Extracted entries section start
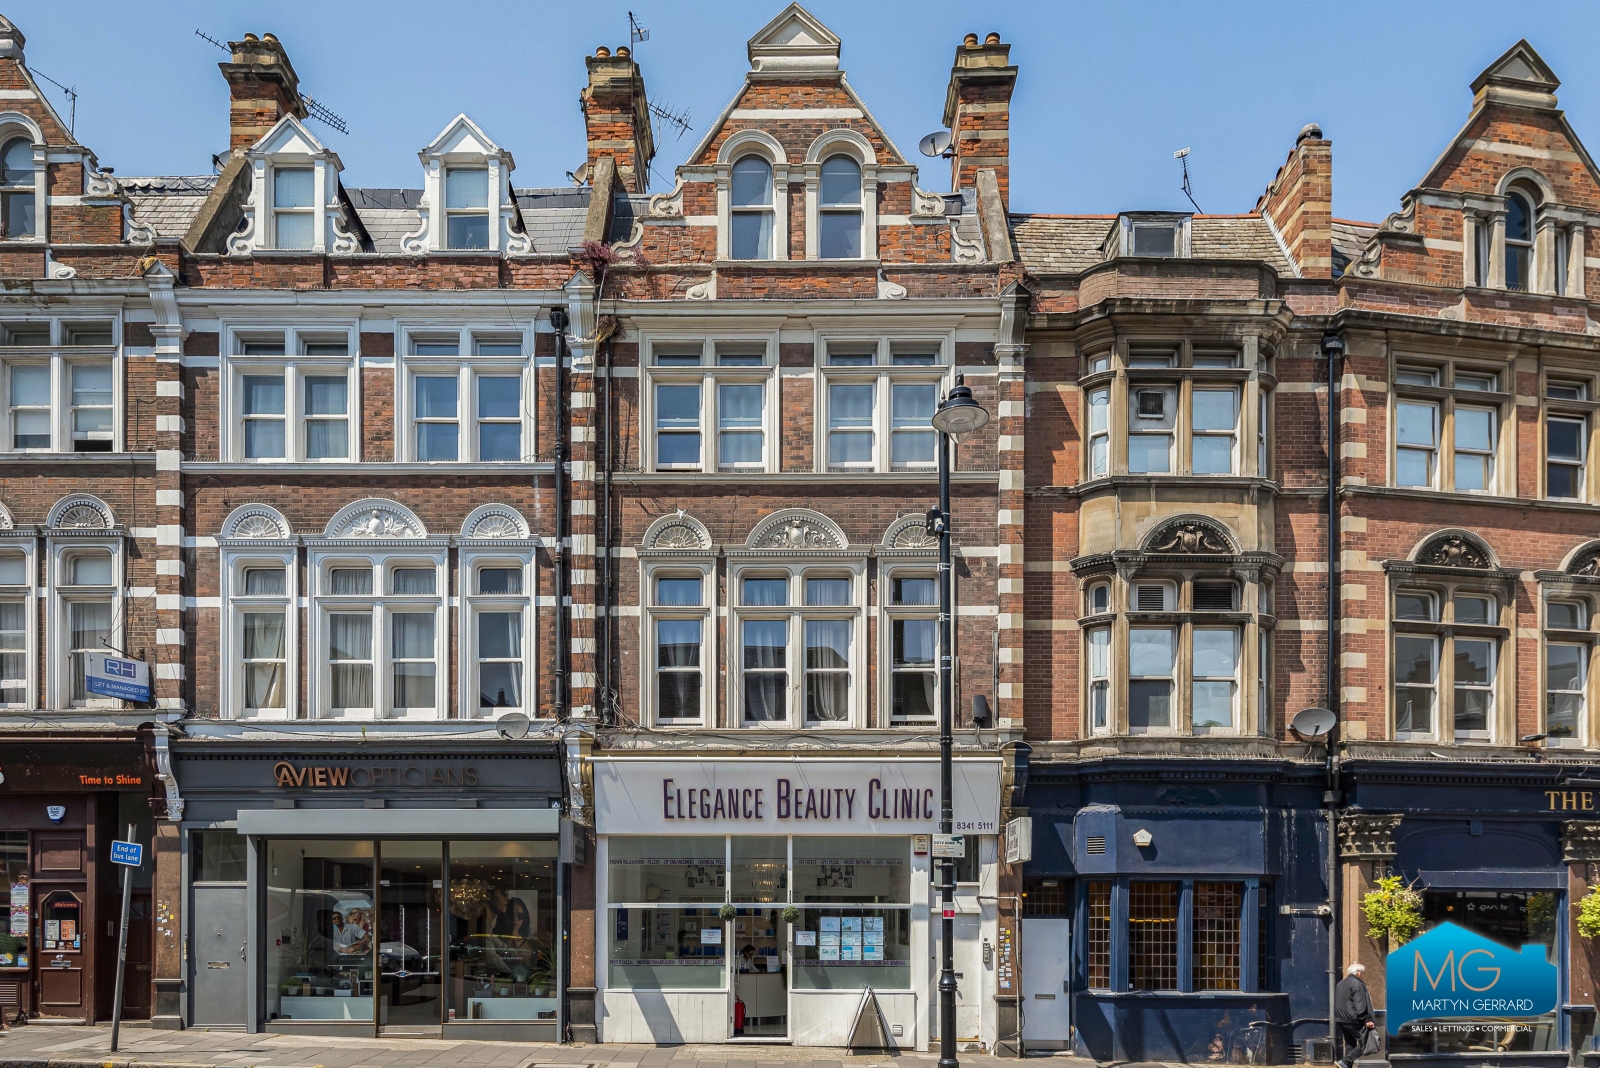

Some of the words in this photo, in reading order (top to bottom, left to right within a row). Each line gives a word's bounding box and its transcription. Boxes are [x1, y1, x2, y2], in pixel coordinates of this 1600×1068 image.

[106, 659, 134, 677] RH
[111, 684, 140, 693] MANAGED
[79, 774, 102, 785] Time
[103, 775, 114, 785] to
[115, 774, 142, 785] Shine
[350, 766, 478, 787] OPTICIANS
[663, 778, 763, 819] ELEGANCE
[776, 778, 856, 819] BEAUTY
[868, 778, 933, 819] CLINIC
[1544, 790, 1595, 811] THE
[956, 821, 975, 830] 8341
[977, 821, 993, 830] 5111
[117, 844, 129, 853] End
[130, 846, 137, 854] of
[113, 852, 124, 860] bus
[125, 853, 139, 862] lane
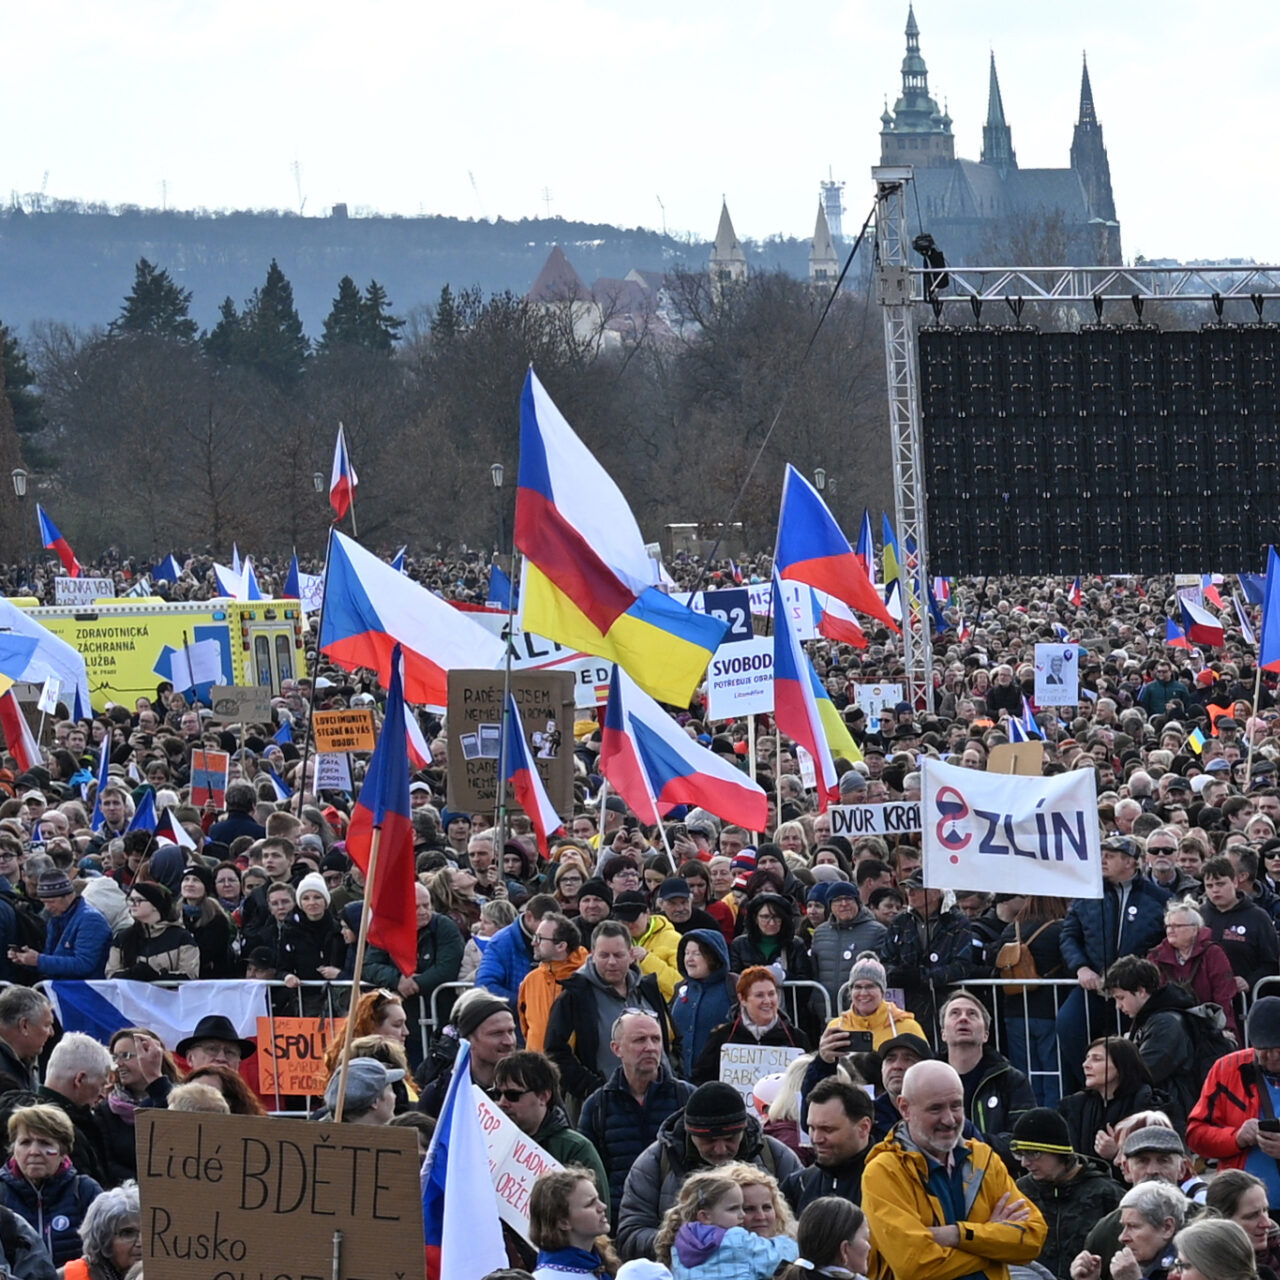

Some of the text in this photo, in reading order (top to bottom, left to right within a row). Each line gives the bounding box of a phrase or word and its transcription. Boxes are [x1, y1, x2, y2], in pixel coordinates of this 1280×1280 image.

[76, 625, 149, 640] ZDRAVOTNICKÁ
[77, 640, 136, 653] ZÁCHRANNÁ
[84, 656, 116, 668] LUŽBA
[713, 653, 774, 677] SVOBOD
[753, 674, 773, 685] OBRA
[517, 689, 550, 704] JSEM
[832, 807, 876, 834] DVŮR
[973, 798, 1088, 861] ZLÍN
[721, 1047, 767, 1064] AGENT
[478, 1102, 501, 1135] STOP
[512, 1139, 557, 1176] VLÁDN
[147, 1121, 402, 1221] Lidé BDĚTE
[149, 1206, 247, 1262] Rusko
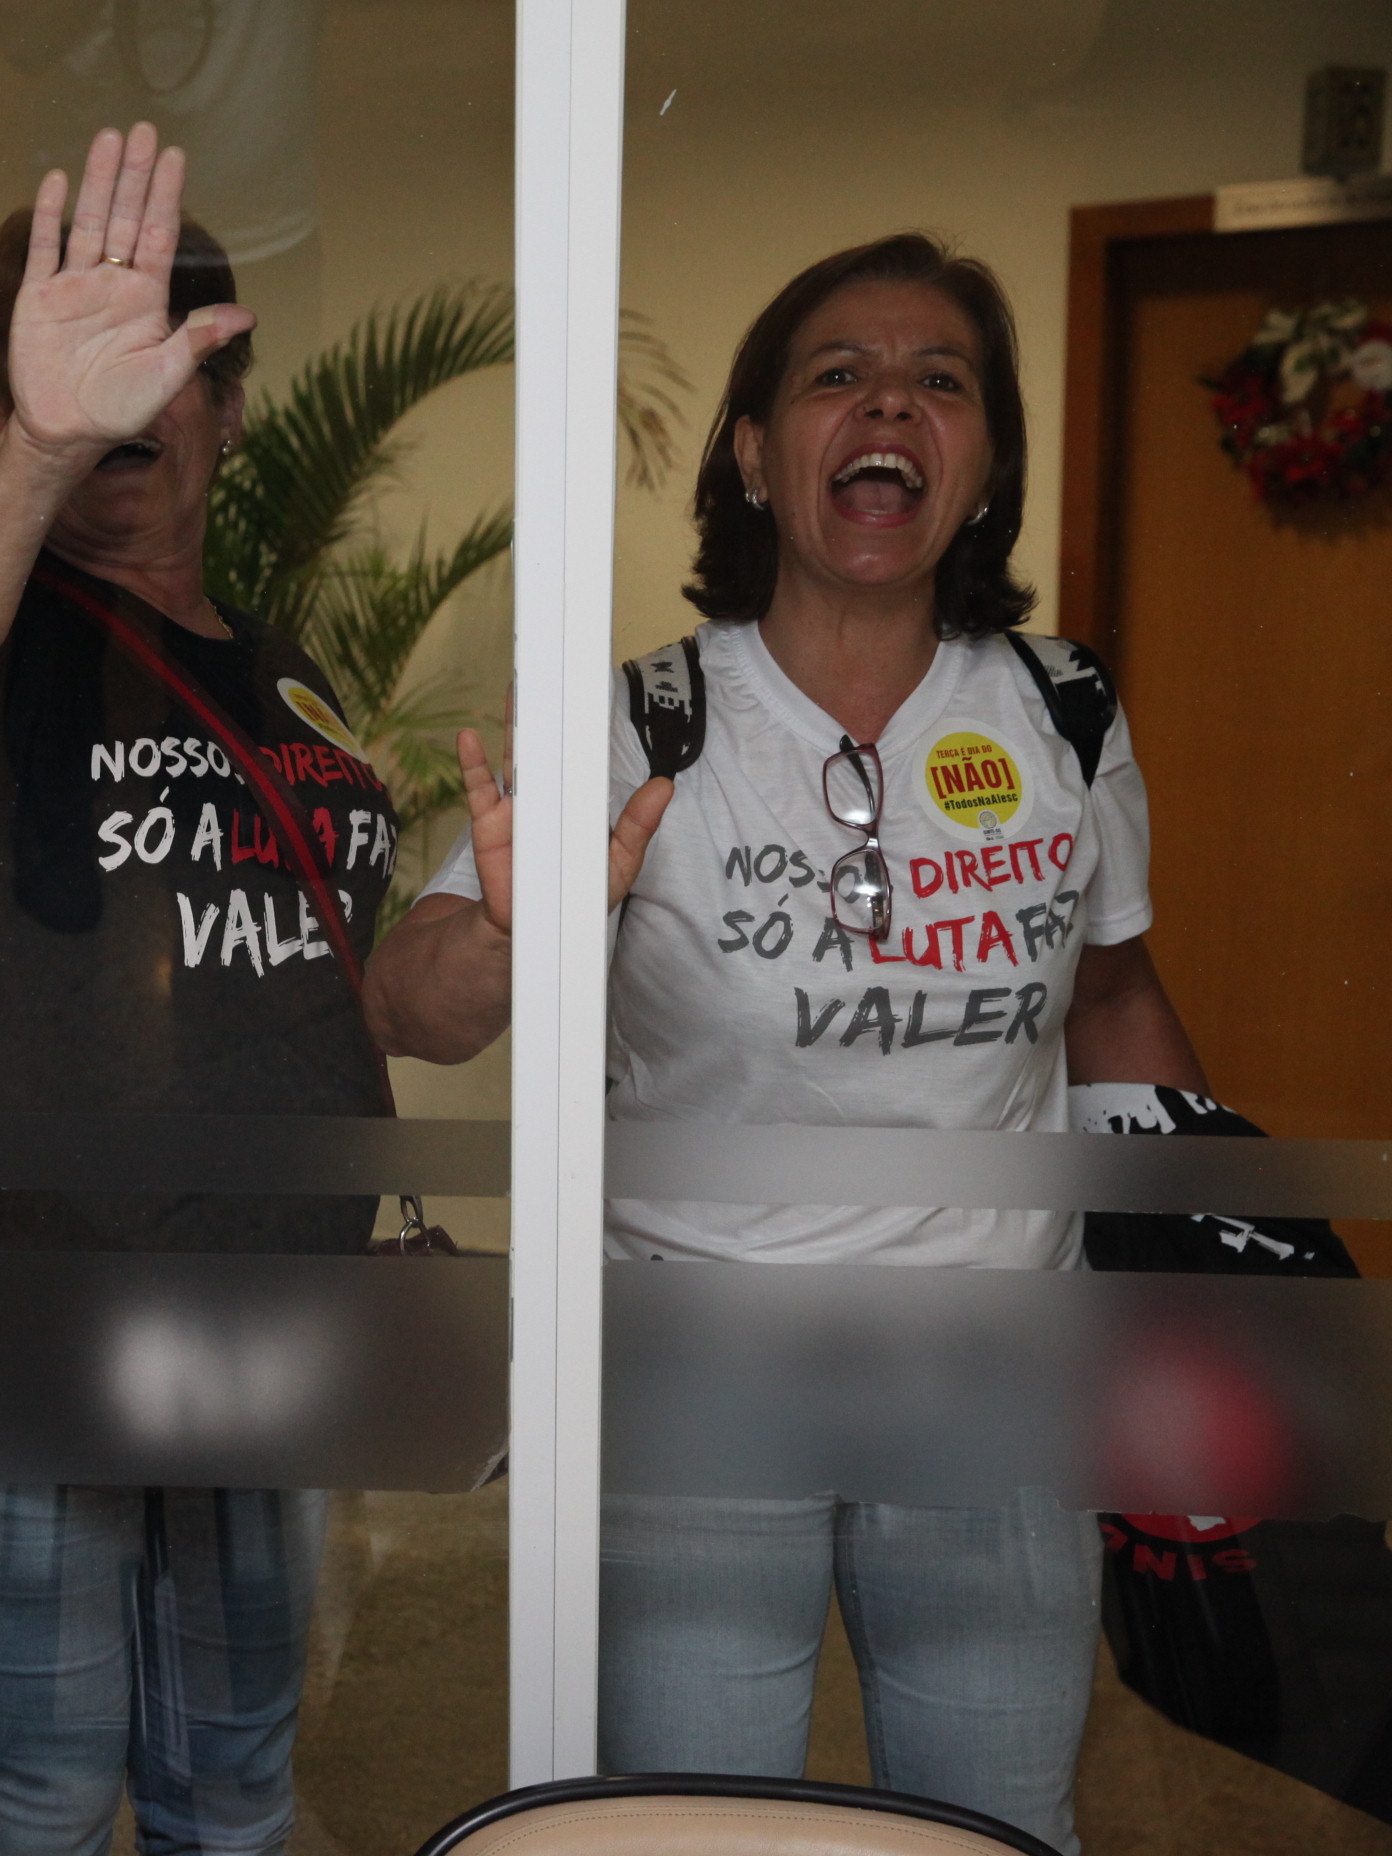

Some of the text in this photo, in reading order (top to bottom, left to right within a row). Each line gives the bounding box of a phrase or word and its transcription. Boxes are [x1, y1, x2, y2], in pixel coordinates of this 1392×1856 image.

[90, 735, 246, 784] NOSSO
[936, 748, 959, 759] TERÇA
[967, 746, 980, 756] DIA
[981, 744, 992, 754] DO
[930, 756, 1015, 799] [NÃO]
[944, 793, 1018, 811] #TodosNaAlesc
[97, 785, 176, 872] SÓ
[190, 802, 224, 872] A
[231, 806, 340, 871] LUA
[717, 893, 793, 960] SÓ
[812, 916, 855, 972] A
[868, 910, 1019, 973] LUTA
[793, 981, 1048, 1056] VALER
Extracted entries section end
● **Directions**
This task calls for an exact copy of the data above, without pictures.

● **Answer to this problem**
Some of the words in this photo, in reading order (top to bottom, left to right within a row). Each line gives a word's bounding box and its transcription. Boxes are [x1, y1, x2, y2], in pixel coordinates of this 1600×1068 image.

[106, 659, 134, 677] RH
[111, 684, 140, 693] MANAGED
[79, 774, 102, 785] Time
[103, 775, 114, 785] to
[115, 774, 142, 785] Shine
[350, 766, 478, 787] OPTICIANS
[663, 778, 763, 819] ELEGANCE
[776, 778, 856, 819] BEAUTY
[868, 778, 933, 819] CLINIC
[1544, 790, 1595, 811] THE
[956, 821, 975, 830] 8341
[977, 821, 993, 830] 5111
[117, 844, 129, 853] End
[130, 846, 137, 854] of
[113, 852, 124, 860] bus
[125, 853, 139, 862] lane

Some of the text in this photo, in reading order (top to bottom, left to right within a row). Each line gives the bounding box of a phrase or word and its transcription. Boxes are [x1, y1, x2, y2], in pixel coordinates of this 1280×1280 image.

[76, 625, 149, 640] ZDRAVOTNICKÁ
[77, 640, 136, 653] ZÁCHRANNÁ
[84, 656, 116, 668] LUŽBA
[713, 653, 774, 677] SVOBOD
[753, 674, 773, 685] OBRA
[517, 689, 550, 704] JSEM
[832, 807, 876, 834] DVŮR
[973, 798, 1088, 861] ZLÍN
[721, 1047, 767, 1064] AGENT
[478, 1102, 501, 1135] STOP
[512, 1139, 557, 1176] VLÁDN
[147, 1121, 402, 1221] Lidé BDĚTE
[149, 1206, 247, 1262] Rusko

Some of the text in this photo, in reading order (top to bottom, left to right within a row). Each line gives the bounding box of a phrase or word and its transcription. Boxes are [x1, y1, x2, y2], in pixel coordinates of this 1392×1856 image.

[90, 735, 246, 784] NOSSO
[936, 748, 959, 759] TERÇA
[967, 746, 980, 756] DIA
[981, 744, 992, 754] DO
[930, 756, 1015, 799] [NÃO]
[944, 793, 1018, 811] #TodosNaAlesc
[97, 785, 176, 872] SÓ
[190, 802, 224, 872] A
[231, 806, 340, 871] LUA
[717, 893, 793, 960] SÓ
[812, 916, 855, 972] A
[868, 910, 1019, 973] LUTA
[793, 981, 1048, 1056] VALER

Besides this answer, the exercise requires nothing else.